Some people make a better phase coupler by putting an 18uH inductor (and a 0.25A fuse) in series with the capacitor (as Ido Bar-Tana describes on his site) to filter out the frequencies above 121kHz. This has two advantages:
- It will reduce the amount of noise above 121kHz that is coupled
- It will actually improve the coupling of the 121kHz signal slightly
This is essentially the same as a 2-wire [#Passive Couplers Passive Coupler] but in my opinion, if you are going to this much trouble, you might as well buy a commercial [#Passive Couplers Passive Coupler] which is UL and CSA approved.
A Passive Coupler is a device which has been designed and manufactured for the purpose of transferring X10 signals from one phase to another. These are typically CSA and UL approved so that they allowed in the electrical code. They are also typically tuned to pass only 121kHz signals so they will reduce (but not eliminate) the noise that is coupled. There are three types of Passive Couplers (4-wire, 2-wire and plug- in). Each has its own pros and cons.
- A 4-wire coupler, if designed properly, should allow 220V modules to work, but it requires that you (or an electrician) open up your breaker panel and connect it to two breakers on opposite phases and to the neutral wire.
- A 2-wire coupler might provide slightly better coupling than a 4-wire coupler, but 220V modules won’t work. It also requires you open up your breaker panel and connect it to two breakers on opposite phases (no neutral wire connection is needed).
- A plug-in coupler saves you from having to open your breaker panel by letting you plug it into a dryer outlet (you can then plug your dryer into the coupler).
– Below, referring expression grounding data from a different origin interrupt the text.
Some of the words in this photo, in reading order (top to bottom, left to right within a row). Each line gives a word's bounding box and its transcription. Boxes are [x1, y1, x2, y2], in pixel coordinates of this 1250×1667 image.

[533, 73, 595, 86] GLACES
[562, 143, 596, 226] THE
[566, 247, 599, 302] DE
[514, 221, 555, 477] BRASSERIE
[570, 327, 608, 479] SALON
The biggest problem with this type is the signals have to travel to your dryer and back. This will increase the signal attenuation depending on how far your dryer is from your breaker panel. Depending on its design it also may be similar to a 2-wire coupler in that 220V modules won't work.
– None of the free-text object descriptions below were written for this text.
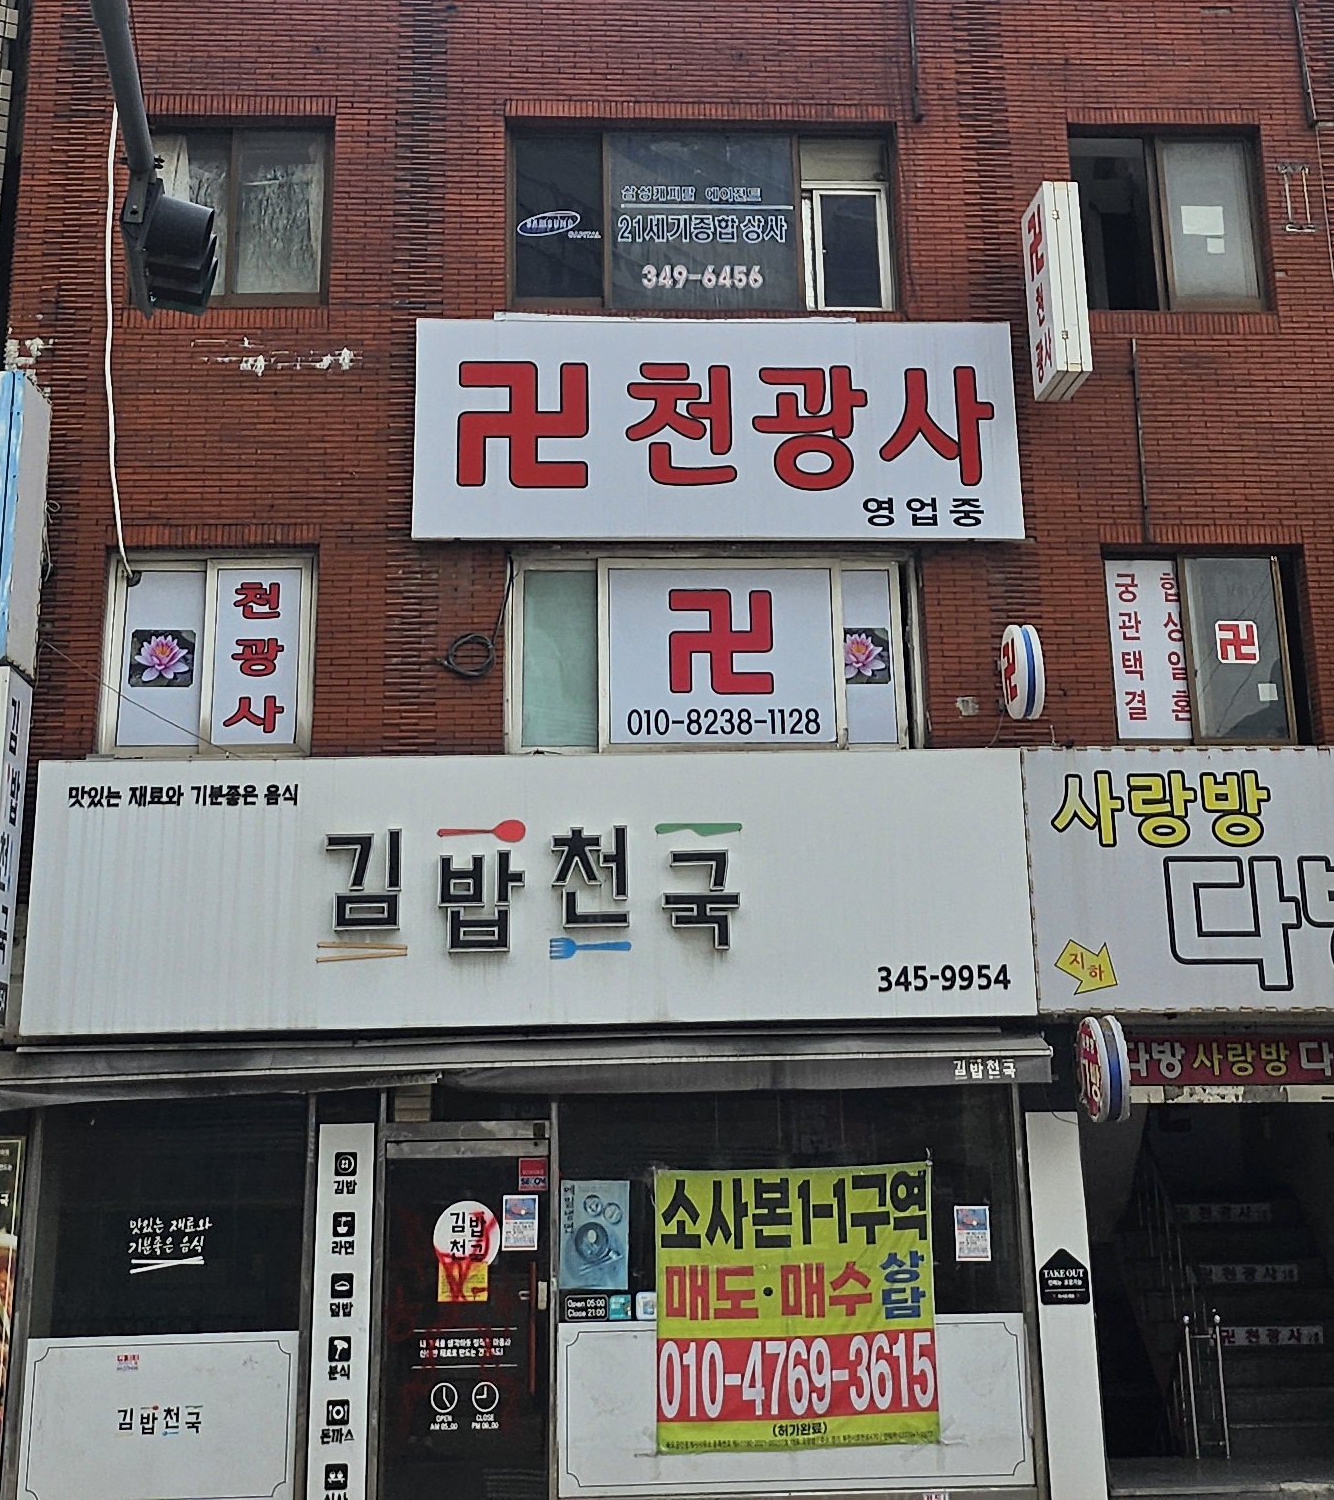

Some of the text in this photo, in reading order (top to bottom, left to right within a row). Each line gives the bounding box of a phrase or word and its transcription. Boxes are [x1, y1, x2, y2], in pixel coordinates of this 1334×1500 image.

[621, 185, 696, 202] 삼성캐피탈
[641, 264, 764, 289] 349-6456
[625, 363, 995, 492] 천광사
[861, 496, 985, 528] 영업중
[223, 581, 285, 734] 천광사
[626, 707, 821, 736] 010-8238-1128
[68, 783, 299, 808] 맛있는 재료와 기분좋은 음식
[1051, 770, 1271, 847] 사랑방
[325, 824, 741, 953] 김밥천국
[1068, 951, 1105, 982] 지하
[877, 963, 1011, 993] 345-9954
[953, 1058, 1017, 1079] 김밥천국
[1192, 1040, 1290, 1078] 사랑방
[334, 1180, 357, 1195] 김밥
[660, 1168, 928, 1250] 소사본1-1구역
[129, 1216, 214, 1234] 맛있는 재료와
[450, 1211, 486, 1239] 김밥
[128, 1235, 205, 1255] 기분좋은 음식
[331, 1240, 355, 1255] 라면
[1043, 1268, 1085, 1279] TAKE OUT
[879, 1249, 927, 1321] 상담
[329, 1301, 353, 1317] 덮밥
[567, 1300, 586, 1309] Open
[567, 1308, 606, 1318] Close 21:00
[327, 1363, 351, 1381] 분식
[659, 1330, 935, 1420] 010-4769-3615
[117, 1406, 202, 1435] 김밥천국
[430, 1423, 441, 1431] AM
[435, 1414, 453, 1423] OPEN
[471, 1422, 481, 1430] PM
[476, 1413, 495, 1422] CLOSE
[320, 1428, 355, 1445] 돈까스
[772, 1420, 828, 1438] (허가완료)
Which one should you get? Well that depends on you. If you feel comfortable opening up your electrical box, you will get better performance from either a 2-wire or 4-wire coupler. If you are like most people and don't use any 220V modules (and don't think you ever will) then a 2-wire Passive Coupler is probably your best bet, otherwise, go with a 4-wire Passive Coupler.
If you don't feel comfortable opening up your electrical box and don't want to hire an electrician, then get a plug-in coupler. Just check if you need a 3-pin or 4-pin plug.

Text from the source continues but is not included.